Disentangling and controlling the individual influence of these factors on the relevant light-matter interactions experimentally can be difficult. A compelling alternative is therefore to simulate the interaction of light with these materials from first principles (i.e., directly from the equations of quantum mechanics). In simulations, we can control these external factors much more easily, getting a better understanding of the physics in play. For these complex systems, however, gaining this computational insight can require simulating several thousand atoms to high levels of accuracy, which is challenging with existing computational methods.

In this PhD project, we will make use of cutting edge computational methods, including linear-scaling time-dependent density functional theory (LS-TDDFT), quantum embedding, and machine learning potentials, to drive a step-change in the understanding of these environmental effects. The project will focus on a particular class of materials for quantum technology – that of colour centres in crystalline semiconductors, the most well-known being the nitrogen-vacancy centre in diamond – and consider the influence of extended defects and surface effects on the excited state properties of the system. The project will aim to explore several different contenders for quantum technology applications, providing insight into the fundamental physics of these systems, their robustness against these environmental influences, and how best to fabricate them. An important aspect of this work will be comparing results and predictions against experimental data where available; there will also be the opportunity to collaborate with world-leading experimental groups in this area.
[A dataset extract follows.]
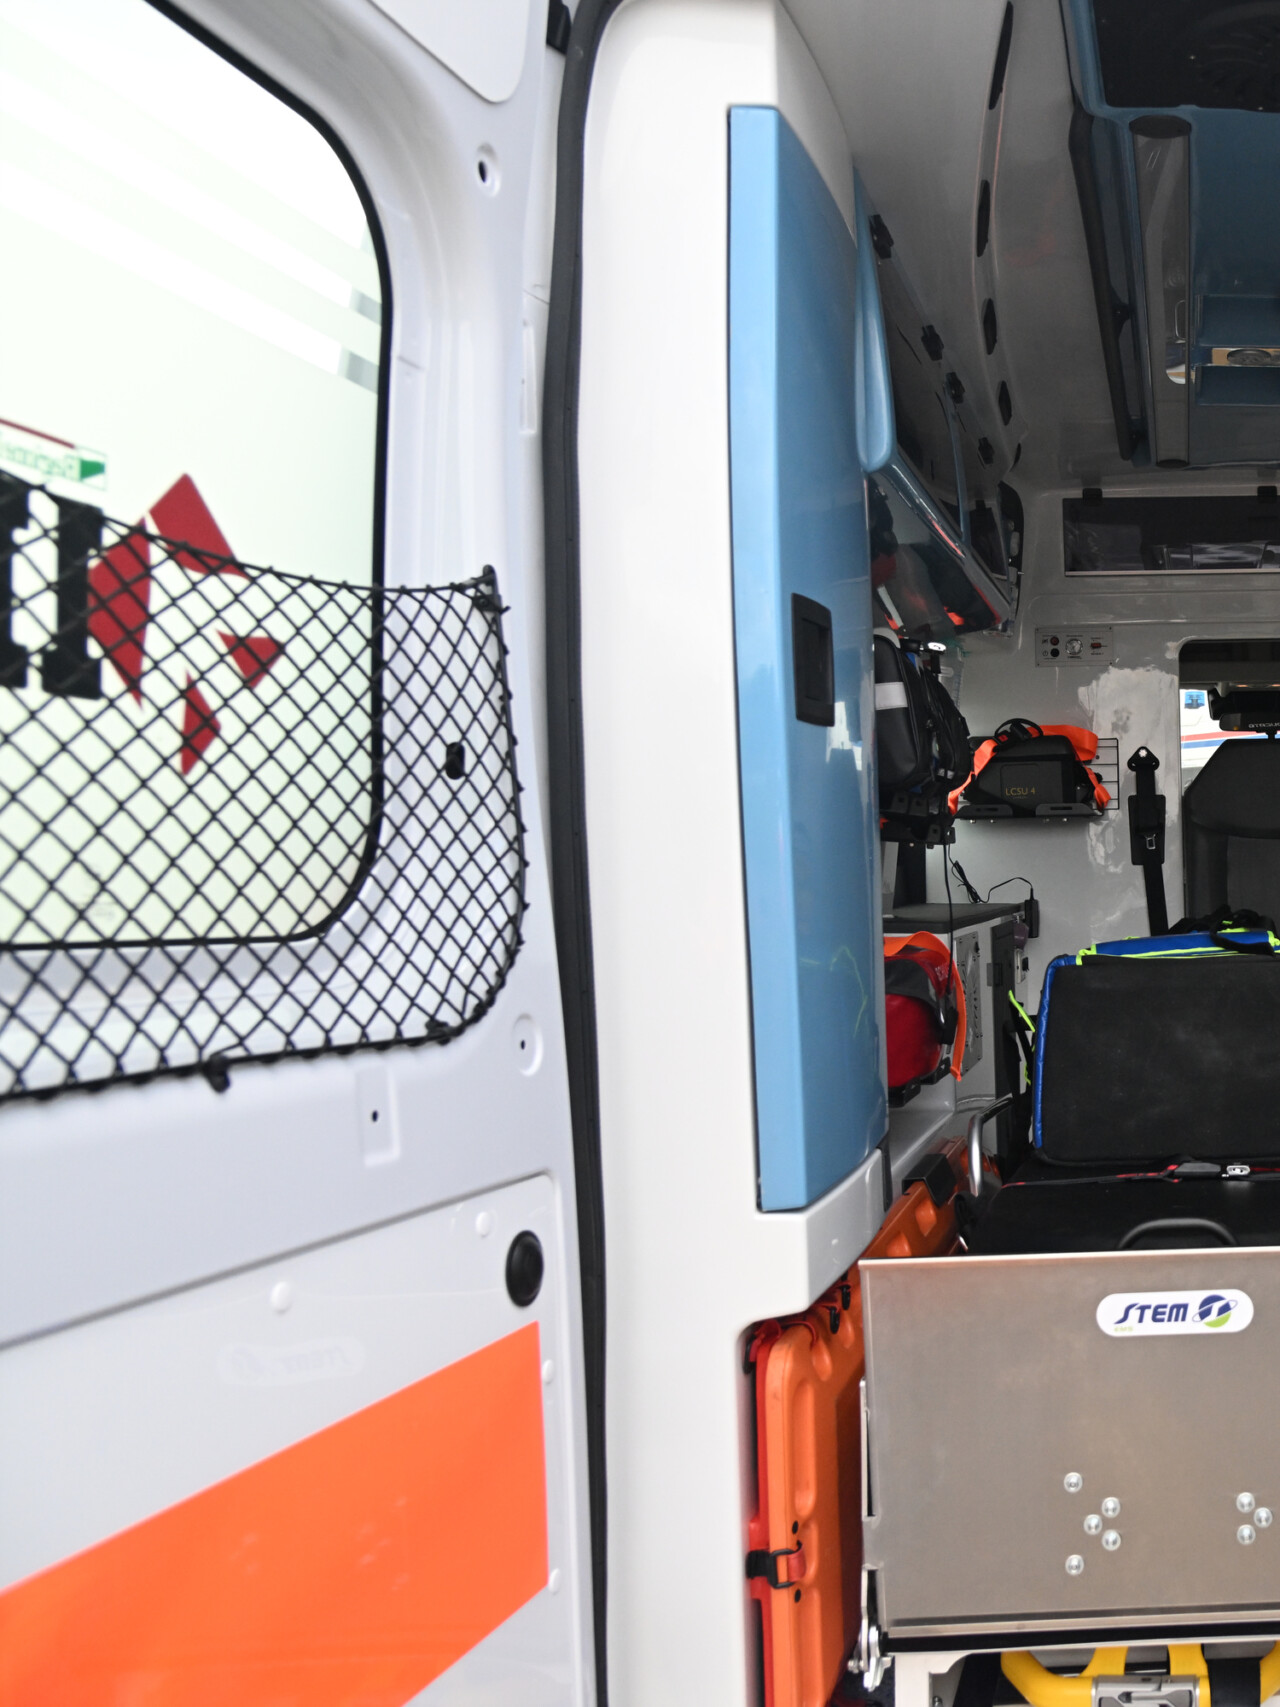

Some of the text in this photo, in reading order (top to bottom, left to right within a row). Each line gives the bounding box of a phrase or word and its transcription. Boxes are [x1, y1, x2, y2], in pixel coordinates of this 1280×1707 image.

If the student is interested, there will also be scope within the project for developing more powerful computational modelling methods for describing complex systems at a quantum mechanical level, based on quantum embedding. This development work would be done alongside other members of the group.

This project will suit a student with an interest in computational modelling and/or materials for quantum technology, and a background in physics, chemistry, materials science, or related disciplines. An interest in code development, especially for materials modelling software, would be beneficial, but not necessary.